Petrova estava montada nas costas de um homem, as pernas
transpassavam a cintura do cara e ela o tinha bem preso em um mata-leão,
enquanto ele tentava se libertar, o rosto vermelho também estava sujo de
sangue e ele parecia prestes a apagar, enquanto minha mulher se mantinha
irredutível, como um puma agarrado à presa, mas nada daquilo importou.
Quando eu o vi jogá-la contra a parede, na tentativa de se livrar do mata-
leão, todo o meu corpo começou a formigar e fiquei cego de fúria.
— Que droga, vou ter que enterrar um corpo hoje! — Ouvi Jack
murmurar, antes de avançar contra aquele filho de uma puta, desgraçado,
cão vira-lata do inferno.
Agarrei a traqueia do maldito e apertei, metendo uma joelhada no
seu estômago. Ele perdeu as forças por um breve momento, onde agarrei
Petrova pela cintura e a puxei das costas dele.
— Seu babaca! — ela gritou, esperneando na tentativa de alcançar o
sujeito. Segurei seus ombros e varri seu rosto com os olhos. Petrova estava
agitada, suada e descabelada, mas foi a marca vermelha em seu rosto que
tomou minha mente e fez meu sangue esquentar.
— Você bateu nela! — rosnei, baixo e me virei para o sujeito que
resfolegava, mas logo aprumou a postura e me encarou.

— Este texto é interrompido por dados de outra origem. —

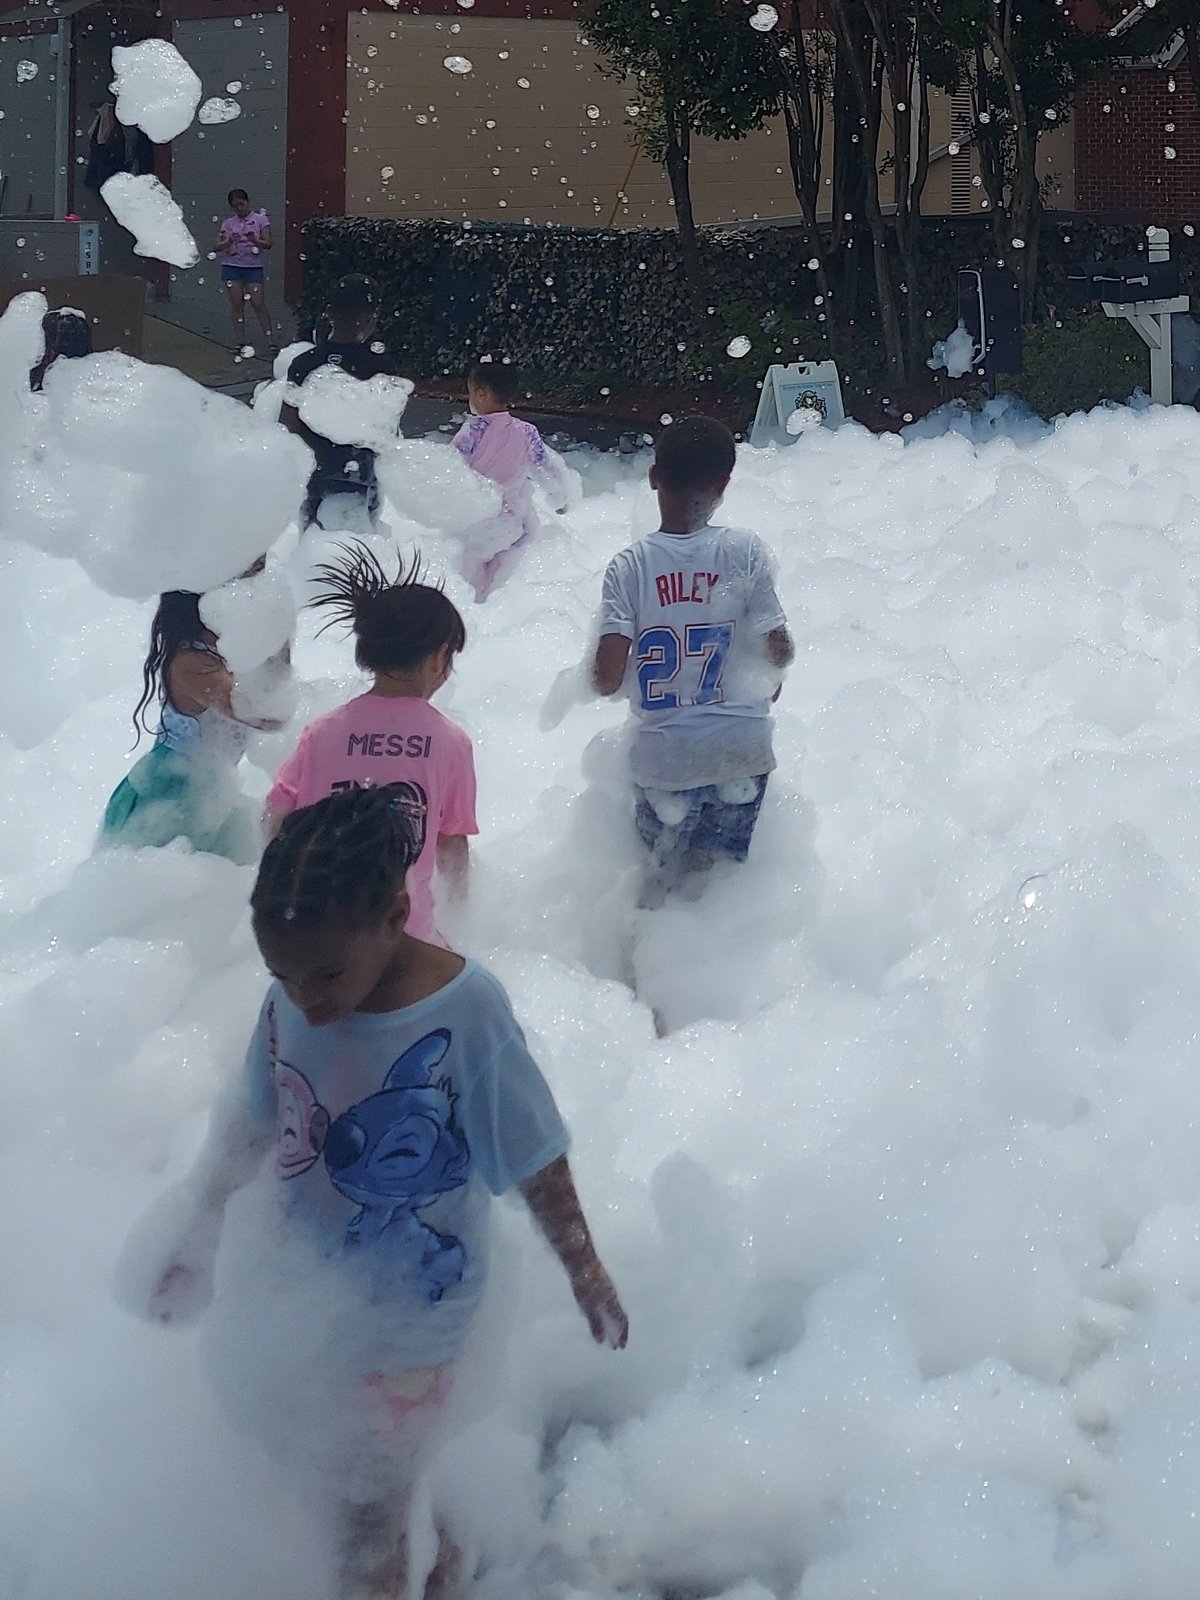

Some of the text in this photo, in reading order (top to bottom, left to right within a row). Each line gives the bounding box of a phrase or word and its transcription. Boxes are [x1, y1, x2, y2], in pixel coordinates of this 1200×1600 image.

— Eu bati nela? Olha o que essa vagabunda fez! — Ele apontou
para dentro do quarto, onde outro homem, igualmente sem camisa jazia
apagado no chão com metade do rosto sangrando.
— Foi você quem começou. Quer bater, então é melhor saber
apanhar! — Petrova retrucou, pulando, nervosa ao extremo.
— Vou ensinar a vadia a não se meter onde não foi chamada, e não
vai ser você que vai me impedir.
— Ih, certeza de que esse sujeito é novo aqui — alguém cochichou
e outra pessoa completou em um suspiro:
— Coitado, tão novo...
— Essa puta do caralho! — O maldito avançou na direção de
Petrova e eu esperei, com um sorriso começando a erguer meus lábios.
Tombei minha cabeça de lado. Ia ser divertido vê-lo sangrar.
Empurrei Petrova para Jack, que a agarrou pelos ombros e me voltei para o
maldito.
Ele tocou nela.
Desviei do primeiro soco que ele jogou para cima de mim.
Bateu nela.
Esquivei de mais um e quando tentou me acertar de novo, segurei
seu pulso e o puxei para perto de mim, subitamente. Ele arregalou os olhos
quando o encarei de perto.
— Você bateu na minha mulher grávida — disse calmo, baixo e abri
um sorriso quando vi seus olhos se arregalando. — Eu. Vou. Te. Matar. E é
bem compreensível, não é mesmo? — Trinquei os dentes.
Meti uma cabeçada no meio da cara do desgraçado e emendei um
chute no seu estômago. Ele tonteou e urrou levando a mão ao nariz, mas
não parei. Não podia, ele tinha que pagar.